Typography   ✶   Poster Design   ✶   Research



Date : Fall 2020
Advisor : Chrissi Cowhey
Size : A1 (23.39 × 33.11")
Typefaces : Korolev, Trade Gothic


Chinese posters from the 20th century represent some of the most iconic poster imagery in history. Posters were one of the most influential forms of communication during the Chinese Communist Revolution and were extremely effective in their messaging.
This project highlights how communist posters in China developed and mirrored the country and the evolution of the Chinese Communist Party. The subject and quality of the posters reflect the political atmosphere spanning the 20th century. Rather than focusing on the narrative we're taught in the western world about communism, I presented the information to an American audience through a more Chinese lens.
The prompt for this project was to create a poster that reauthors, reframes, or redirects a timeline, creating a counter-narrative to traditional graphic design history.




Content Research
Because posters were both the content and inspiration of this project, I knew that I had to make sure that my research was really strong. My main focus while doing research was to find a non-western lens. The purpose of my poster was to create a counternarrative of Chinese communist artwork outside of the anti-communist rhetoric we are taught in the west.
My mom became a really great resource for this project. She was able to provide a lot of context on where to find reliable sources for Chinese history and artwork that were not western sources. I realized very early on that doing research on communist China with the western resources that I typically use was going to be impossible to do without an inherently strong American perspective.
Through my research, I slowly narrowed down the posters I wanted to include as well as the historic context I wanted to provide.



Thumbnailing

Throughout the process, I was thumbnailing and sketching out ideas for content layout and dynamic typography. My initial sketches focused on using different approaches for margins and the modular grid.
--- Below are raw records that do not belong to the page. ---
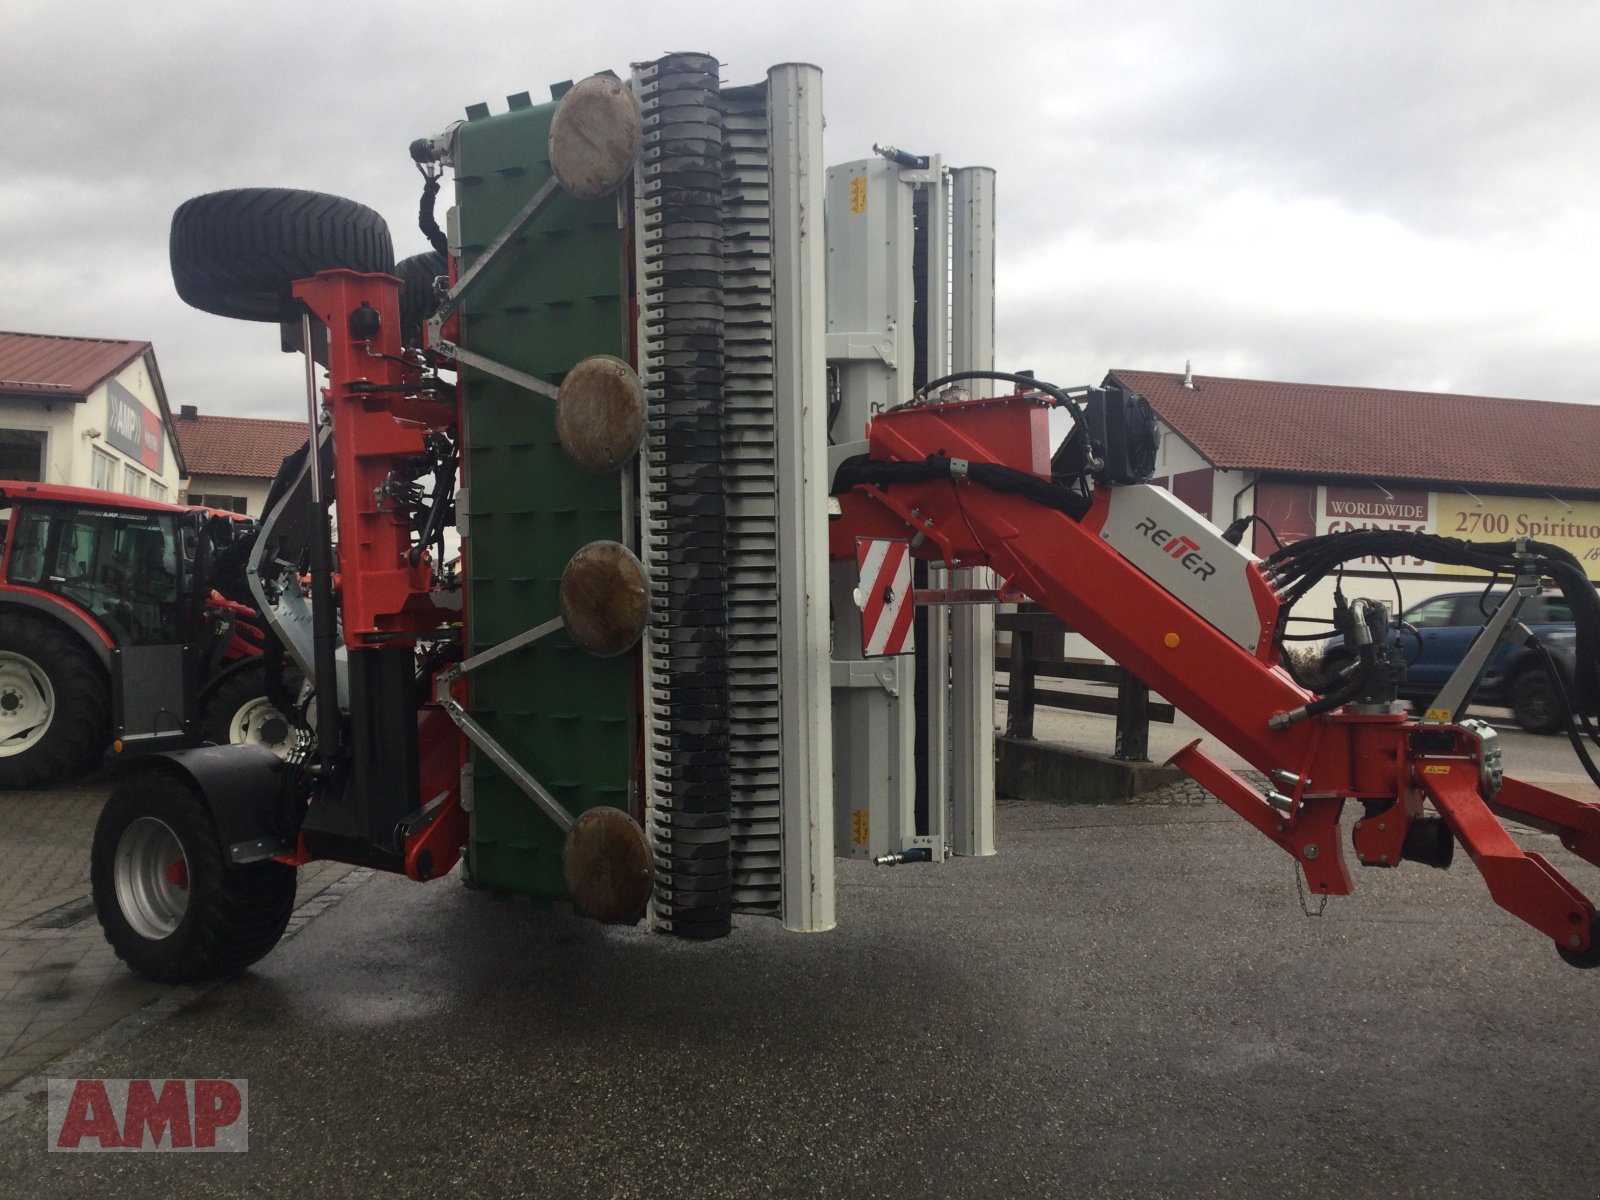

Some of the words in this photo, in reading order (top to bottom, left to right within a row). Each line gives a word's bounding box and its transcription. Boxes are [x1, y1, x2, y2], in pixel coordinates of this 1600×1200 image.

[116, 400, 137, 441] AMP
[1331, 501, 1424, 518] WORLDWIDE
[1455, 511, 1510, 535] 2700
[1515, 513, 1600, 539] Spirituo
[1135, 516, 1216, 582] REITER
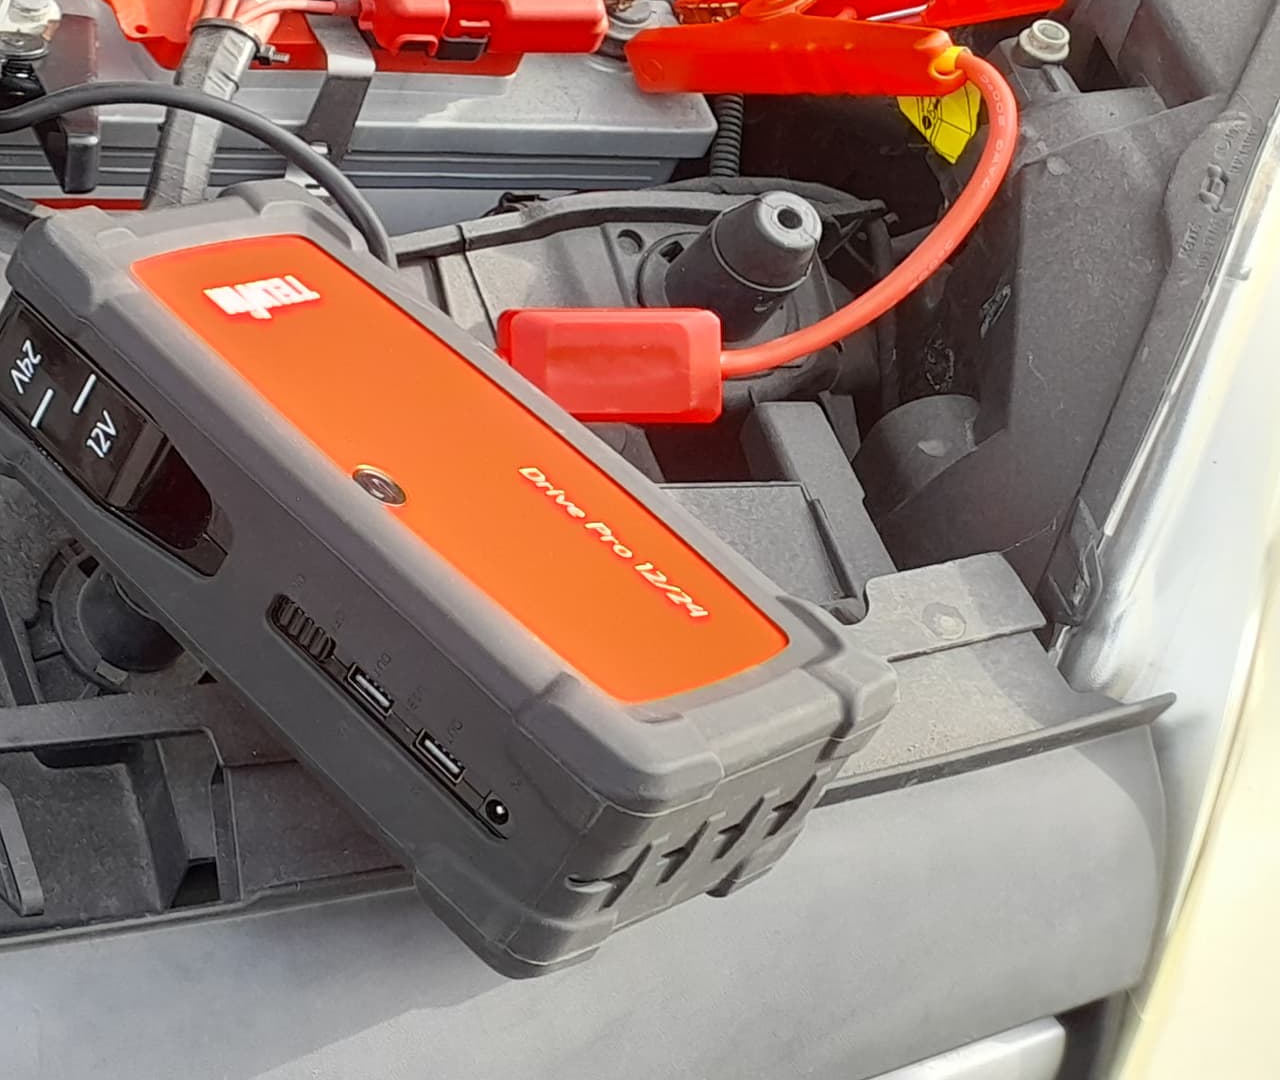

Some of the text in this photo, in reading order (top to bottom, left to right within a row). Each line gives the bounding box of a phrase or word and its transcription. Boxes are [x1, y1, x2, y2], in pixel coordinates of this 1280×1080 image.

[10, 339, 42, 395] 24V
[86, 409, 118, 459] 12V
[518, 467, 710, 618] Drive Pro 12/24
I tried to create many different compositions that would lead the viewer's eyes across the poster in varying ways. Chinese characters were also very useful as a form of word as image to break up the content and create a more organic but nonlinear sequence.




Typographic Research
Communist posters from the 20th century had a very strong typographic language. I wanted to capture and translate this aesthetic while still adding a modern twist.
Through my research of posters during this period, I found that most posters used two kinds of typefaces, either heavy, thick sans serifs or very contrasted, classic serif fonts. I explored a wide variety of typefaces in different combinations and lockups.
I decided to use Korolev, which is inspired by a typeface seen in photographs on a poster at the Red Square Parades. The Red Square Parades occurred in the 1930s in Soviet Russia. The longer quality and weight of the typeface illicit imagery from Soviet communist posters which had a significant influence on Chinese communist posters.
With such a strong display font, my goal with Trade Gothic was to complement Korolev. Trade gothic has a similar condensed quality to Korolev. The focus of the Revolution in China was progress through communism, therefore I decided on this modern sans serif.


Design Iteration
On the content side, I wanted to create the feeling that the posters were hanging on a wall as they would have in communist China. I knew I wanted to have the title at the bottom to anchor the design in the same way many of the posters from my research did. On the expressive side of the poster, I focused on using type in a dynamic way and complementing the content side.
I experimented with different grid layouts as well as a few of the different type lockups. At this stage, I had a lot of the pieces of the poster (content, lockup, etc.) so I was exploring different ways to combine it all together and finding cohesion between parts.